* YOUR INSTRUCTIONS: Could you copy the records below exactly, keeping none of the images?

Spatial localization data
==============================
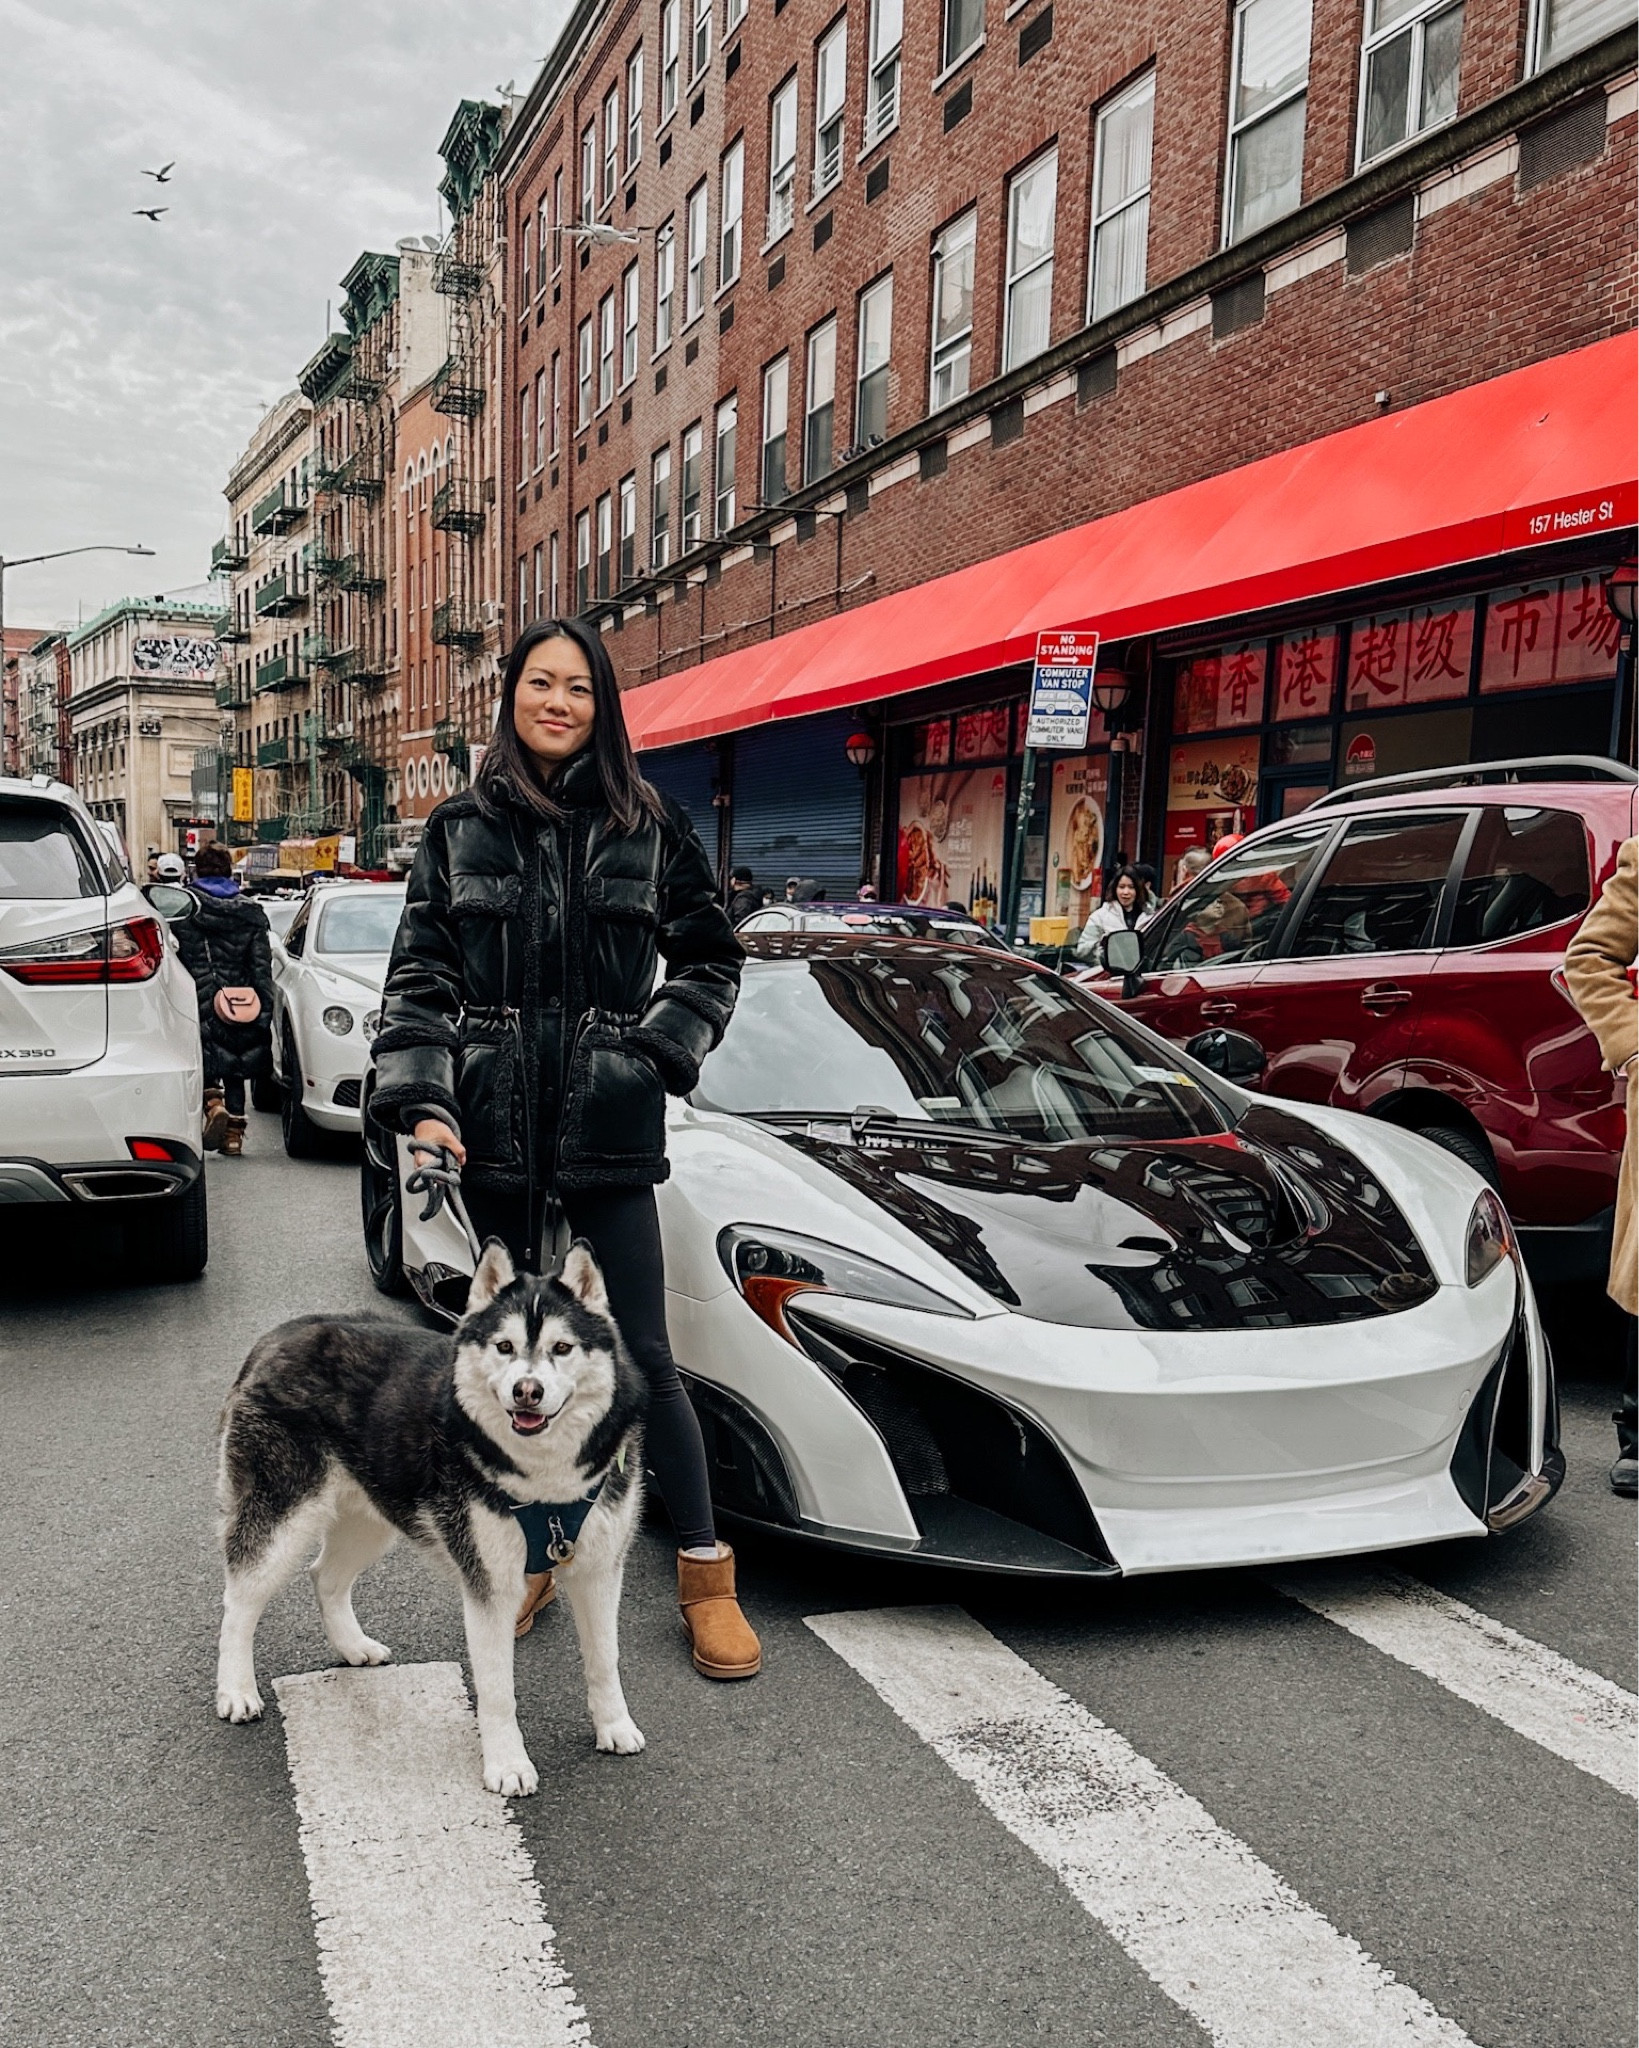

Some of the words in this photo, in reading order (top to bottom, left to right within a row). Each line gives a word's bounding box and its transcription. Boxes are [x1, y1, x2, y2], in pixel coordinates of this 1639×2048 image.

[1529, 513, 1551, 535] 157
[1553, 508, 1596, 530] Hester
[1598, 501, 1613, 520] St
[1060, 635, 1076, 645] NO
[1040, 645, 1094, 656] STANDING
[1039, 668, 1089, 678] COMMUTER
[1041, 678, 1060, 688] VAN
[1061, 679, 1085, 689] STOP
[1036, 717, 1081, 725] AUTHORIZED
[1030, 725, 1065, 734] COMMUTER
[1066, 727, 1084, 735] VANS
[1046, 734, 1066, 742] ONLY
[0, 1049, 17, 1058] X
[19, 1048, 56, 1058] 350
==============================
* COMPLETED EXERCISE:
Some of the words in this photo, in reading order (top to bottom, left to right within a row). Each line gives a word's bounding box and its transcription. Boxes are [x1, y1, x2, y2], in pixel coordinates of this 1639×2048 image.

[1529, 513, 1551, 535] 157
[1553, 508, 1596, 530] Hester
[1598, 501, 1613, 520] St
[1060, 635, 1076, 645] NO
[1040, 645, 1094, 656] STANDING
[1039, 668, 1089, 678] COMMUTER
[1041, 678, 1060, 688] VAN
[1061, 679, 1085, 689] STOP
[1036, 717, 1081, 725] AUTHORIZED
[1030, 725, 1065, 734] COMMUTER
[1066, 727, 1084, 735] VANS
[1046, 734, 1066, 742] ONLY
[0, 1049, 17, 1058] X
[19, 1048, 56, 1058] 350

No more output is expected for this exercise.